Task objective: Set down every record below exactly as it stands, with the pictures omitted.
*-*-*
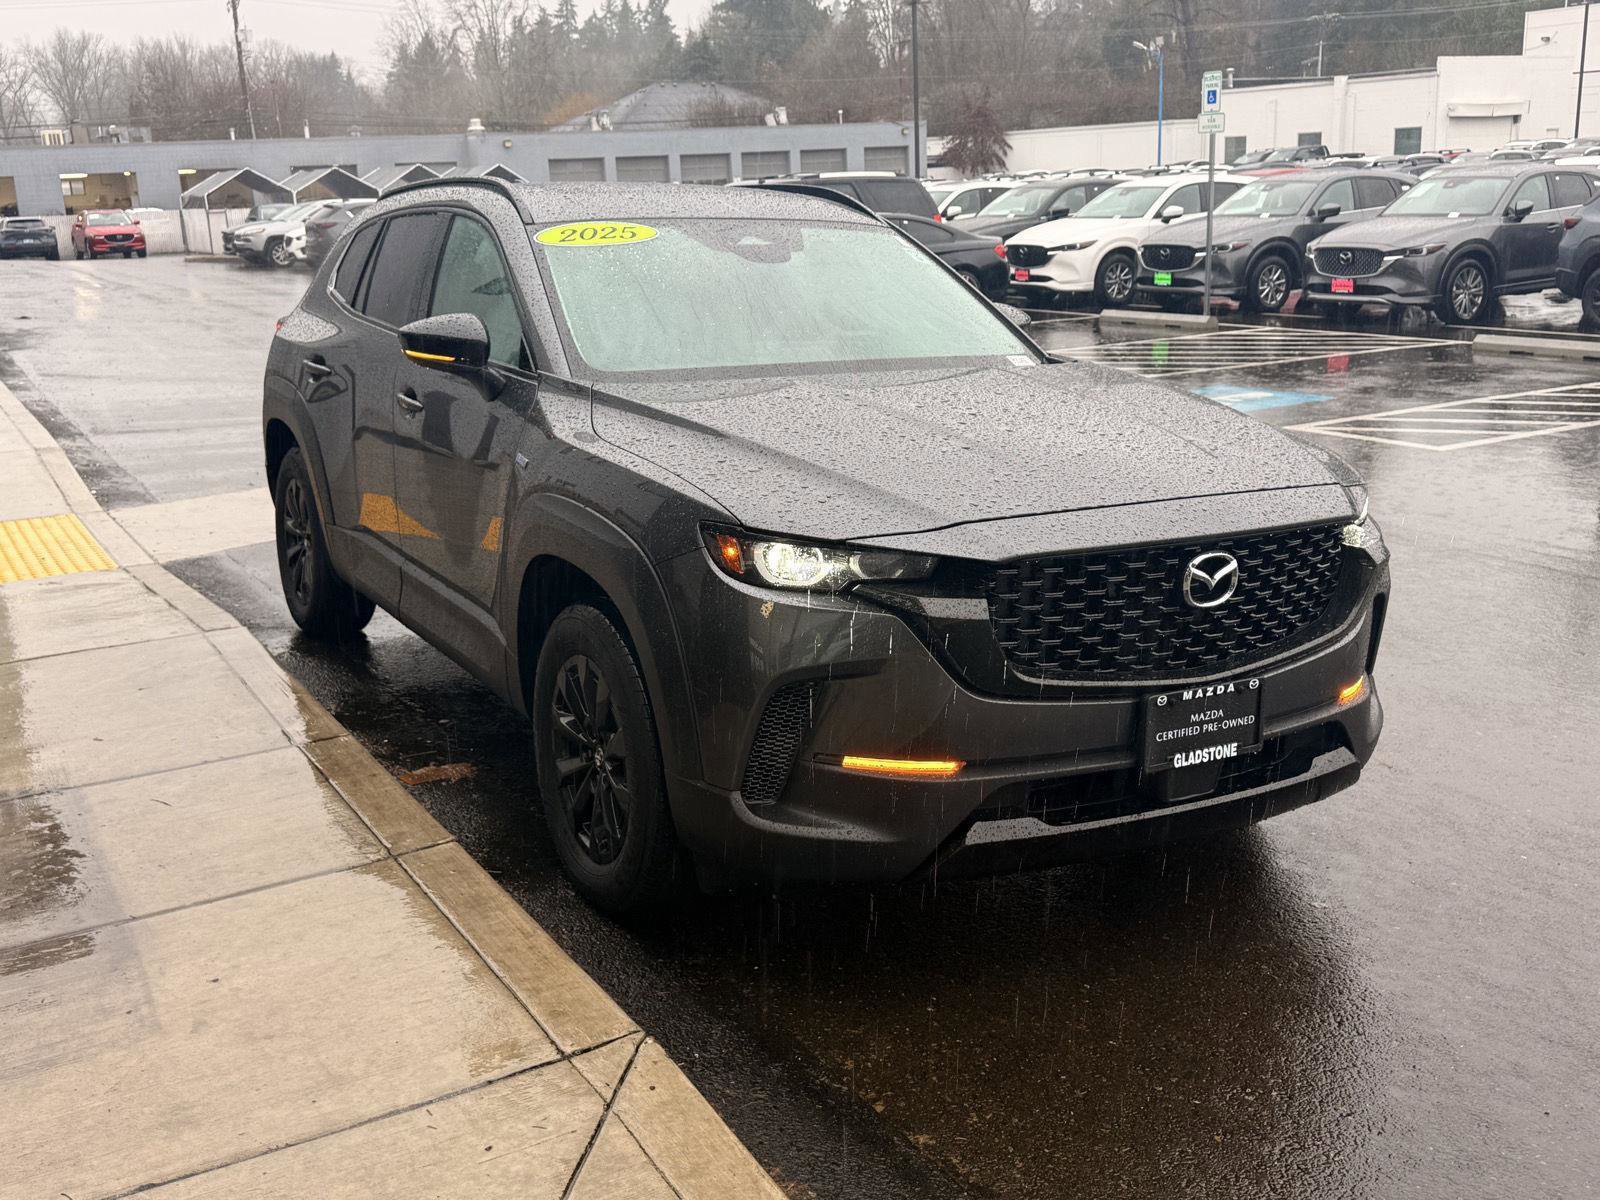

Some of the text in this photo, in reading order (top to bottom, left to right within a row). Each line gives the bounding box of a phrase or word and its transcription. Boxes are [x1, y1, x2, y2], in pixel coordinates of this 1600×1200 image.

[559, 226, 638, 243] 2025
[1182, 683, 1235, 701] MAZDA
[1190, 709, 1224, 723] MAZDA
[1156, 715, 1255, 742] CERTIFIED PRE-OWNED
[1173, 742, 1238, 769] GLADSTONE
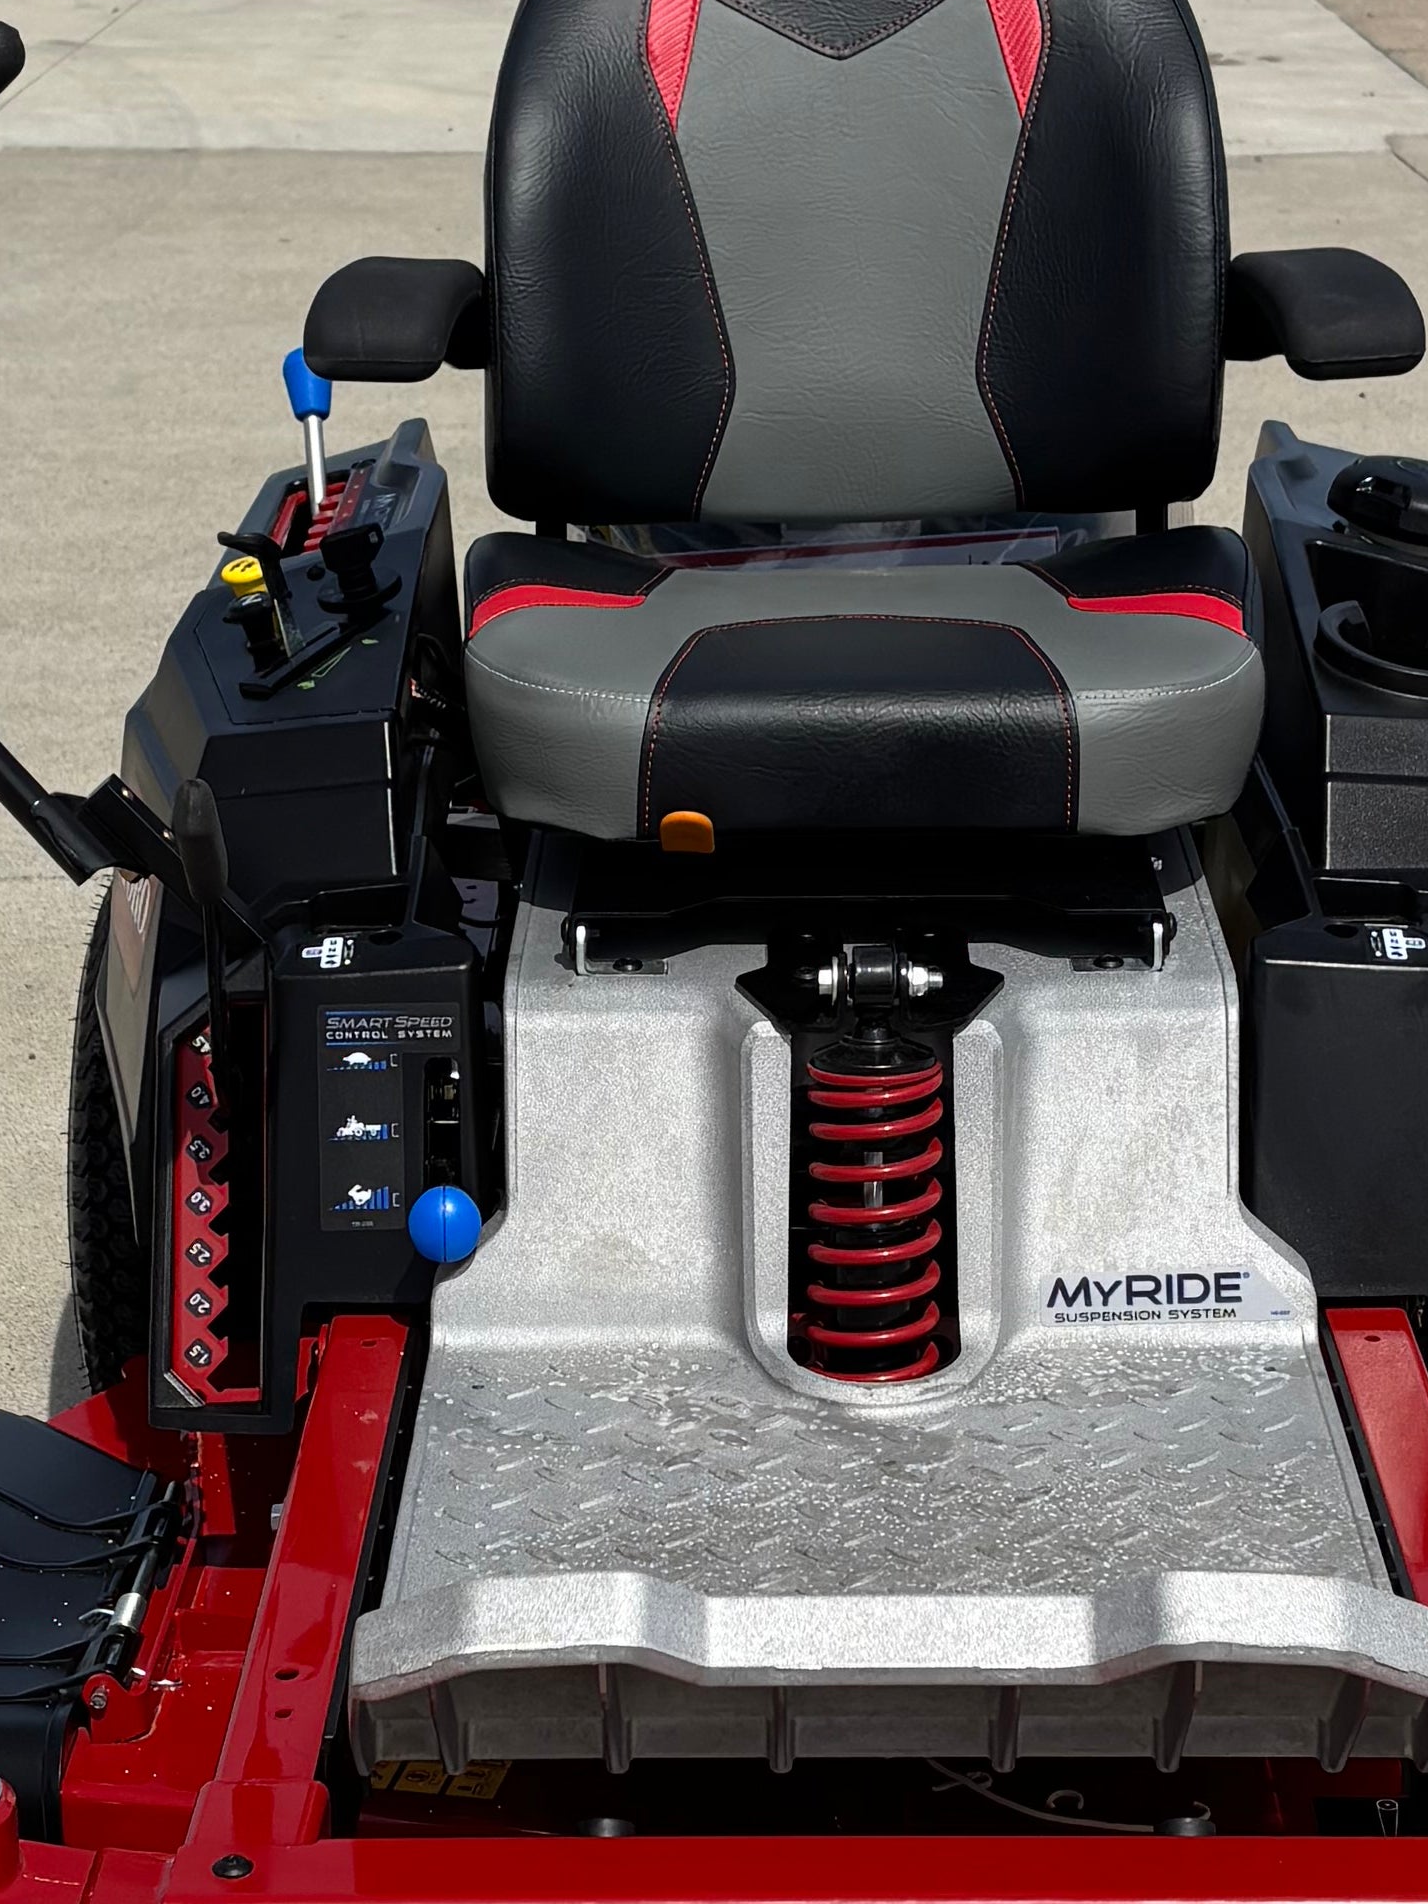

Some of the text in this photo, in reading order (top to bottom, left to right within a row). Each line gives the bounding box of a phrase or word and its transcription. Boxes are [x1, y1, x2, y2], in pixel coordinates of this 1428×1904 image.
*-*-*
Response below:
Some of the text in this photo, in reading order (top to bottom, left to right within a row). Each line gives the bounding box of a phrase or word and its transcription. Boxes are [x1, y1, x2, y2], in pixel coordinates of this 1600×1200 image.

[559, 226, 638, 243] 2025
[1182, 683, 1235, 701] MAZDA
[1190, 709, 1224, 723] MAZDA
[1156, 715, 1255, 742] CERTIFIED PRE-OWNED
[1173, 742, 1238, 769] GLADSTONE

Some of the text in this photo, in reading order (top to bottom, left to right within a row). Each line gives the bounding box of a phrase or word and its transcription. Boxes are [x1, y1, x2, y2], in pixel coordinates of this 1428×1904 image.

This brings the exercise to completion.